Third world schools provide a stark lesson on the need for pupil testing and league tables

Like many higher education establishments, the University of Liberia holds an annual entrance exam. This year the results came as a bit of a shock – the pass rate was precisely zero. Out of 25,000 people who sat the exam not one made the grade.

For most media outlets around the world this was a perfect ‘and finally...’ news item – but, writing for Businessweek, Charles Kenny gets to the real story, which is the enormous learning gap between the developed and developing world:

  • Analysis by Harvard’s Lant Pritchett suggests that the average eighth-grader in Ghana has test scores on math and science that would place her in the bottom one-five-hundredth of U.S. students. Even richer and more successful countries such as Argentina or Indonesia see scores on international math and science tests that would rank the average test-taker in the bottom 10 percent of the student population of a country like Denmark.”

You might think that students in less developed countries do much worse because they don’t get much schooling. But, in fact, the last few decades have seen rapid progress on access to formal education:

  • “Of the world’s population, about 7 out of 10 live in a country where pretty much every child completes primary school. The proportion of secondary-school-aged kids who are in classes has climbed from about half to two-thirds over the past 15 years...
  • “The learning gap helps to explain how developing countries can be so poor despite high educational attainment. In 2010 the average Kenyan adult had spent more years in school than the average French adult had as recently as 1985. Sadly, that didn’t convert into a Kenyan income per capita equal to France’s two decades ago—in fact, the gross domestic product per head in Kenya in 2010 was only 7 percent of France’s in 1985.”

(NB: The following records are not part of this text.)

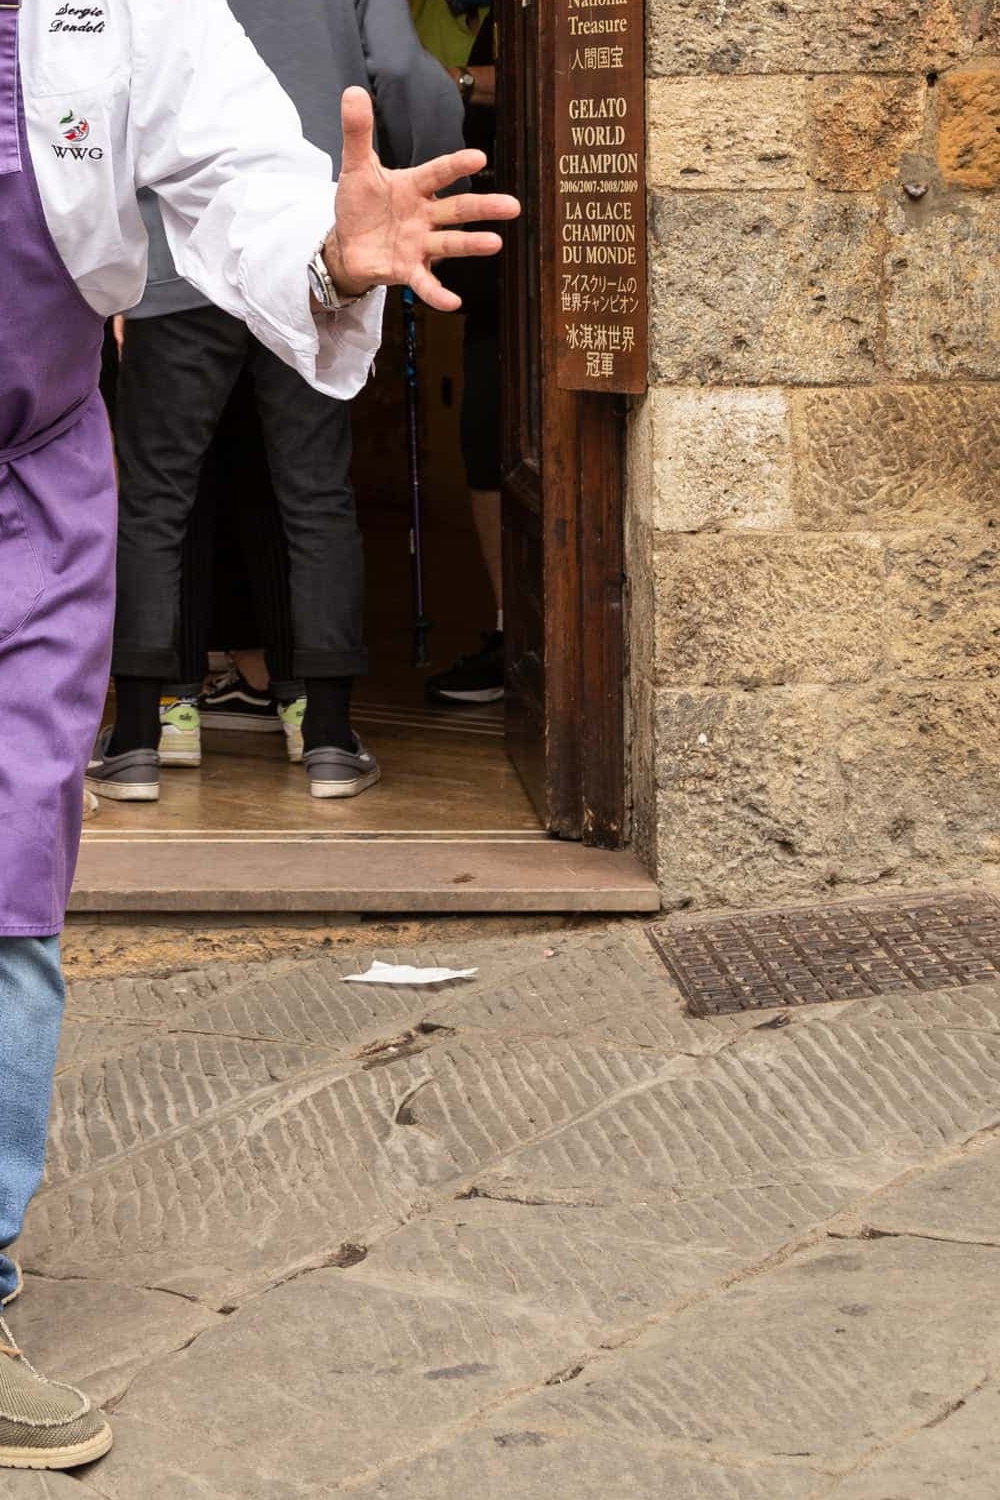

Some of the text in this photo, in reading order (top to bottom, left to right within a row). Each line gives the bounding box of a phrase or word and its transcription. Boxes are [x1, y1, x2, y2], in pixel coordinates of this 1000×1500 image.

[55, 3, 105, 20] Sergio
[48, 19, 106, 34] Dondoli
[568, 16, 628, 36] Treasure
[570, 46, 624, 70] 人間国宝
[569, 97, 627, 119] GELATO
[571, 126, 626, 147] WORLD
[51, 144, 104, 161] WWG
[559, 153, 638, 175] CHAMPION
[559, 180, 639, 193] 2006/2007-2008/2009
[565, 202, 632, 220] LA GLACE
[562, 224, 636, 243] CHAMPION
[562, 246, 637, 265] DU MONDE
[561, 274, 638, 294] アイスクリームの
[564, 323, 636, 352] 冰淇淋世界
[585, 351, 614, 378] 冠軍
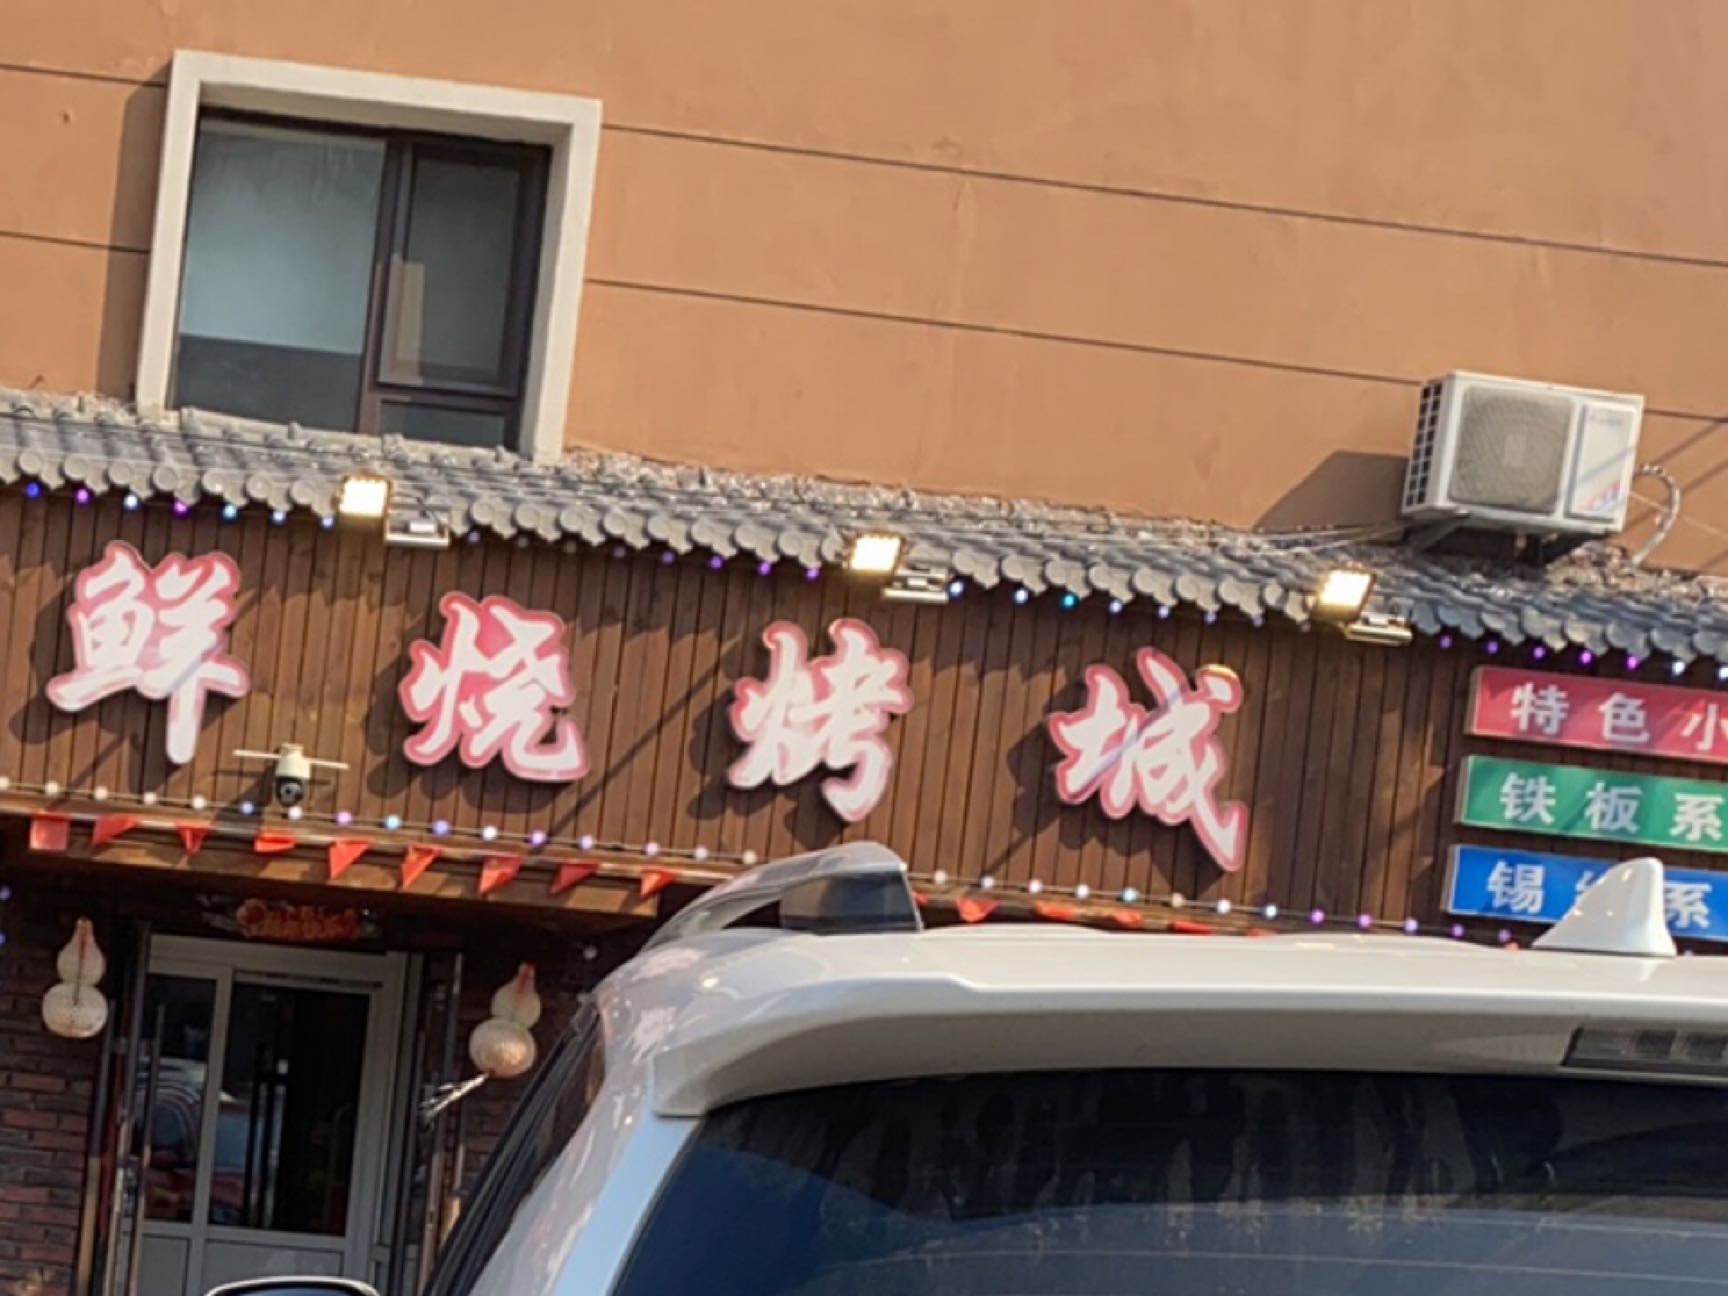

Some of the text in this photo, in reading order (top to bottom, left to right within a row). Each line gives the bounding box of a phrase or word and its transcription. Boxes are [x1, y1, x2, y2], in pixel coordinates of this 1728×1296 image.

[1509, 682, 1728, 752] 特色小
[1499, 771, 1725, 841] 铁板系
[1487, 861, 1713, 929] 锡系

Obviously a school in a remote part of Africa or India will only have a fraction of the resources available to a school in the developed world – and yet that doesn’t appear to be the key factor:

  • “From 2007 to 2011, India increased its per-student expenditure on elementary education by 80 percent while student learning outcomes were declining.”

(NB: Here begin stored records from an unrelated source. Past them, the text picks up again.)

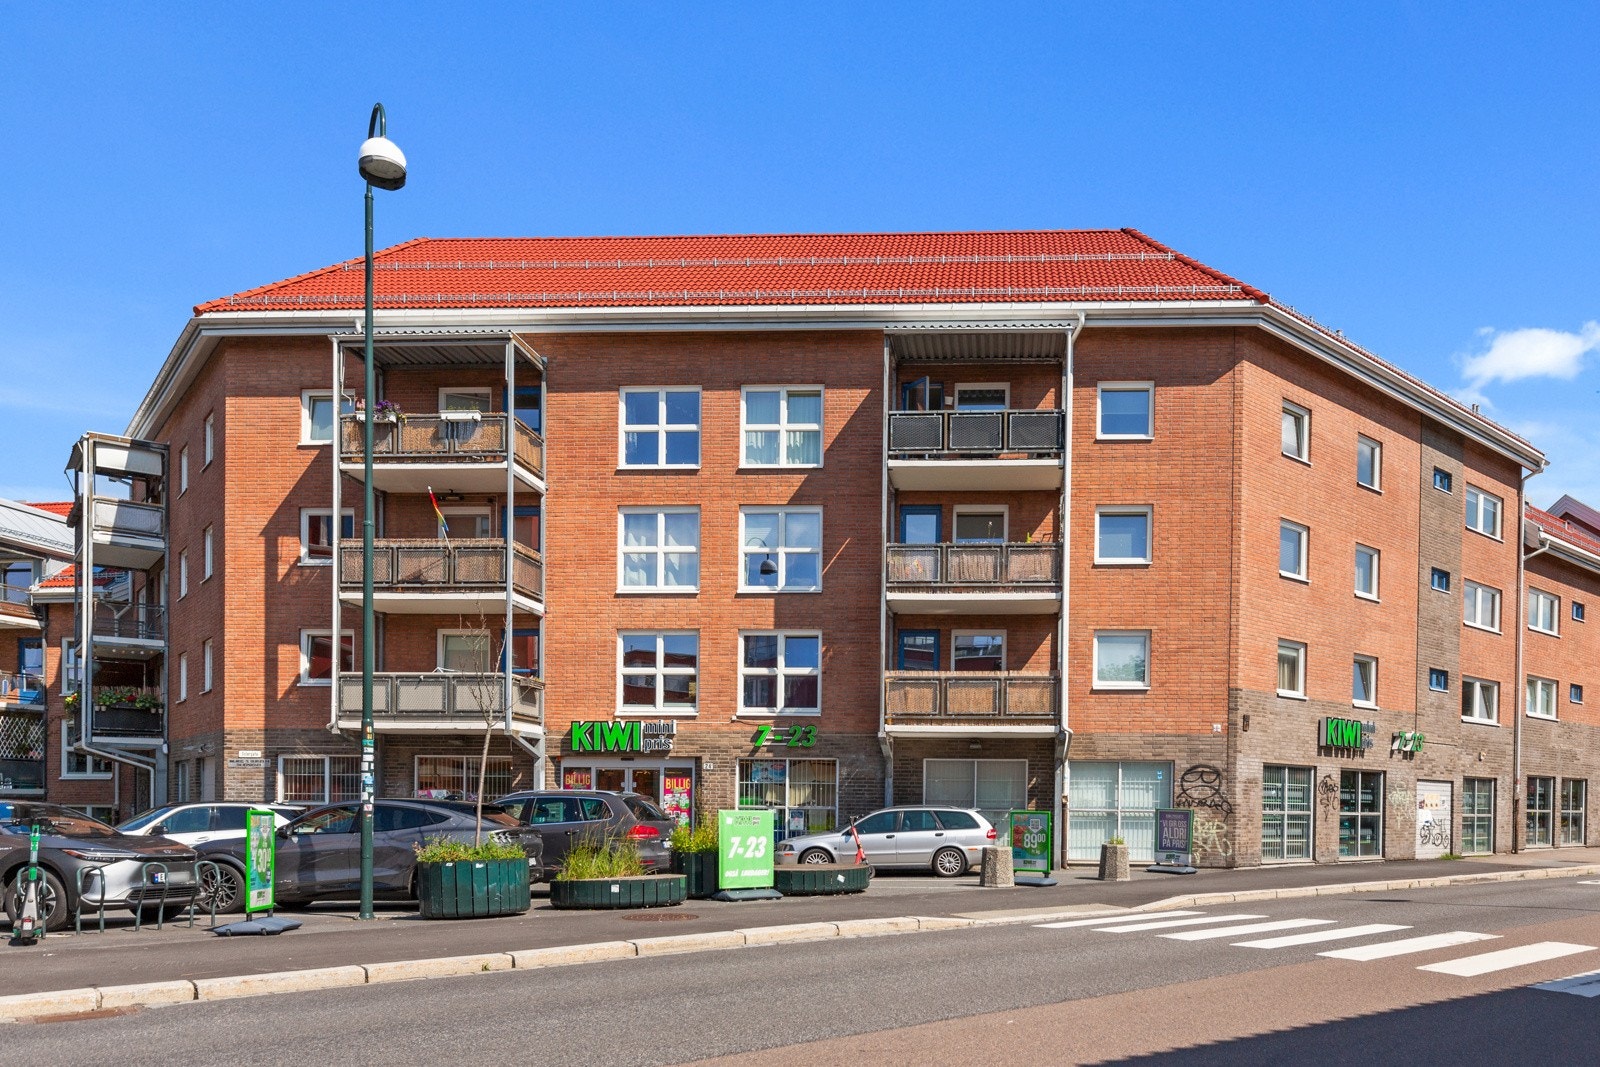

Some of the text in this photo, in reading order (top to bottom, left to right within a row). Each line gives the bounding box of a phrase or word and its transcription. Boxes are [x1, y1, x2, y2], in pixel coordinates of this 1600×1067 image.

[644, 719, 676, 734] mini
[1326, 717, 1362, 748] KIWI
[571, 721, 641, 752] KIWI
[643, 735, 673, 753] pris
[565, 773, 591, 785] BILLIG
[665, 778, 690, 789] BILLIG
[1162, 827, 1187, 839] ALDRI
[728, 836, 767, 858] 7-23

Health outcomes are also improving across much of the developing world, with progress on indicators like child mortality out-stripping economic growth.

Charles Kenny argues that the major problem with schooling in poorer countries (including those that aren’t much poorer than the West) is simply the quality of the education provided. While children are spending more time in school they’re not necessarily learning much while they’re there.

Fortunately, experience shows that there's an affordable way of lifting standards:

  • “Testing is cheap—reviews of experience across countries suggests that an assessment system rarely costs more than 0.3 percent of the education budget. And countries that have introduced testing as part of a school reform effort have shown real results. Brazil and Chile have both introduced all-student testing regimes alongside accountability and autonomy reforms over the past few years, and both have seen better performance in international student assessments—Chile improved student learning at the fastest rate worldwide from 1995 to 2011.”

In this country we’ve become increasingly sceptical about the imposition of onerous reporting requirements on schools and other frontline public services. To a large extent, we’re right to be so. However, the lesson from elsewhere in the world is that an objective and transparent measure of performance can still make all the difference.

And there’s another lesson we should learn before it’s too late. The under-performance of schools in the developing world shows just how much untapped potential these countries possess. Sooner or later that potential will be released into economies that are already growing fast. We’d better be ready for the competition.